Neill est un sorte « d’anti-pédagogue ». Il ne s’applique qu’à l’éducation des enfants, leur apprenant la liberté et ses limites. Les enfants apprennent à Summerhill, bien entendu, et il ne faut pas croire que les classes sont à moitié vide toutes la journée, loin de là, car les enfants sont contents d’apprendre dans cette école. Mais Neill ne préconise aucune méthode d’apprentissage. La question pour lui se résout de manière simple : si l’enfant à envie d’apprendre quelque chose, il l’apprendra, quelle que soit la manière dont on lui présentera le savoir. De fait l’apprentissage se base sur une unique chose : la volonté de l’enfant. On dépasse le cadre de l’apprentissage à partir des intérêts de l’enfant de l’éducation nouvelle. On peut dire que Neill dissout les inégalités d’apprentissages entre élèves, puisqu’on ne parle plus de s’adapter aux capacités de l’élève, qui sont variables d’un individu à un autre — d’où l’inégalité — mais de sa volonté à apprendre telle ou telle chose. L’important pour Neill c’est cette volonté. Il n’y a pas de contrôle à Summerhill, donc aucun moyen non plus de créer une hiérarchie entre élèves par des notes.

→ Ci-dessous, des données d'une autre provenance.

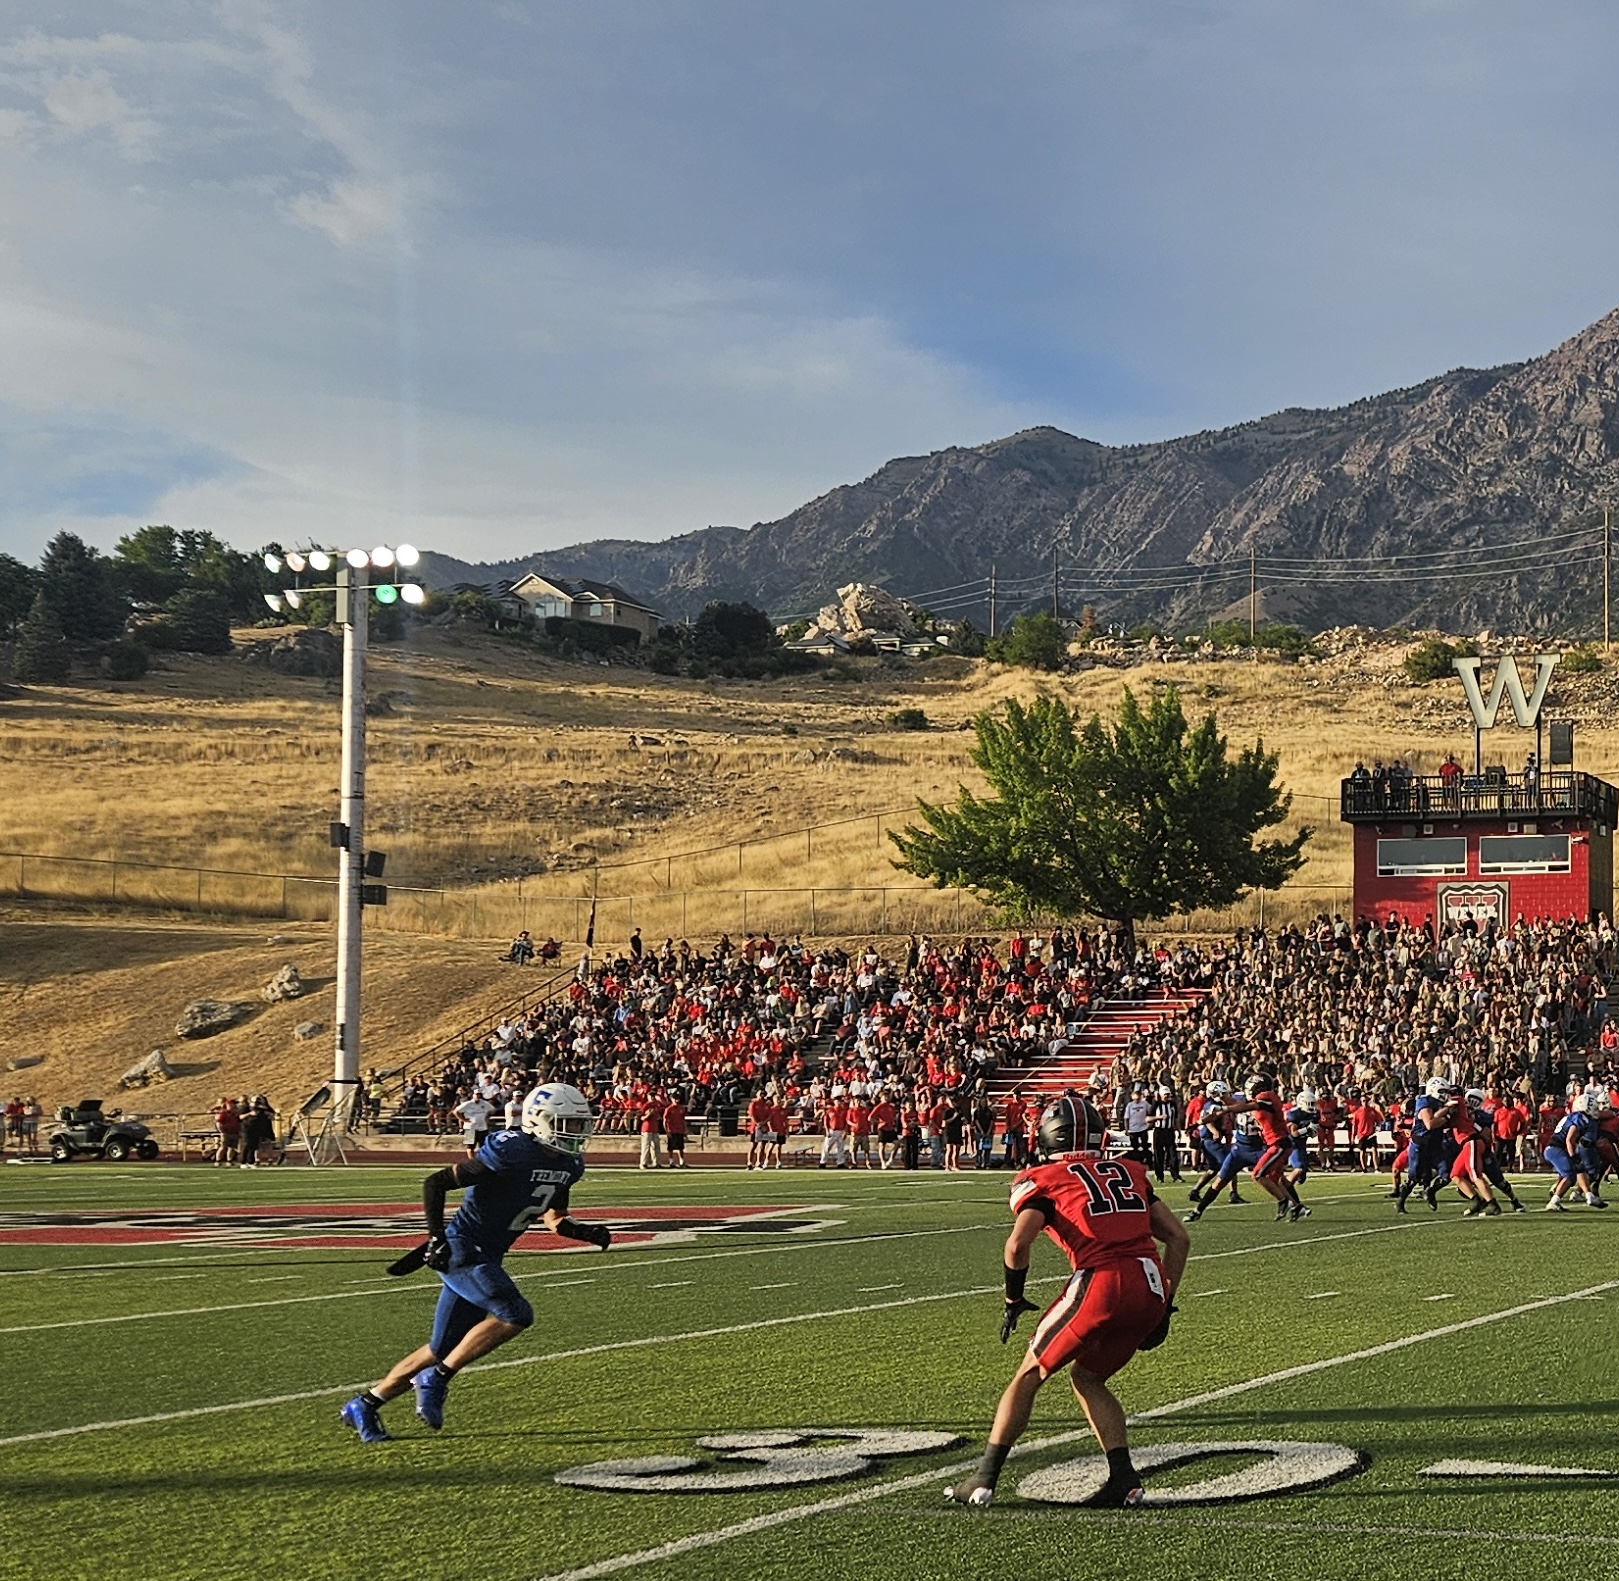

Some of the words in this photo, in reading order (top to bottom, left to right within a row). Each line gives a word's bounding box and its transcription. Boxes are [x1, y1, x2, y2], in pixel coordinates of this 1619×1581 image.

[1452, 653, 1562, 729] W
[508, 1185, 556, 1231] 2
[1068, 1161, 1146, 1216] 12

L’expérience de Summerhill est une expérience très limitée, qui n’est pas universalisable au sein du système capitaliste, et pour cause, les présupposés éducatif vont à l’encontre du système : horizontalité des individus au sein de la communauté, aucune sélection par le mérite, aucun chef tout puissant. Dans le même temps, cette expérience connaît aussi ses propres limites puisque tout le pouvoir n’appartient pas à toute la communauté. Toute la partie matériel de l’école reste encore sous le contrôle du directeur (comme la paie des enseignants). Elle n’en reste pas moins une expérience originale qui dure encore aujourd’hui depuis 1921, qui peut nous permettre de nous interroger sur quel type d’éducation émancipatrice donner aux enfants à la fois en leur permettant de développer leur propre individualité, tout en les incluant au sein d’une communauté solidaire.
À lire / à voir :
- A. S. Neill, Petite Bibliothèque Payot, ré-édition en 2011, ISBN 978-2-228-90647-0
- A. S. Neill, La découverte, 2004, ISBN 978-2-7071-4216-0
- Documentaire en 3 parties : http://www.dailymotion.com/video/xc3pwx_les-enfants-de-summerhill-1-film-do_lifestyl
1) Instituteur après 1918, à cause de son poumon perforé, incapable de crier, il dut inventer une nouvelle manière d’enseigner, plus proche des intérêts des enfants via notamment la coopération et l’auto-édition en classe.
2) Pédagogue italienne au début du XXe siècle ; elle a compris l’importance du matériel pour le développement cognitif de l’enfant et a ainsi créé tout une gamme d’objet adapté à son développement.
3) Anarchie qui n’est pas à entendre dans le sens de l’anarchie politique, mais à prendre dans le sens d’anomie.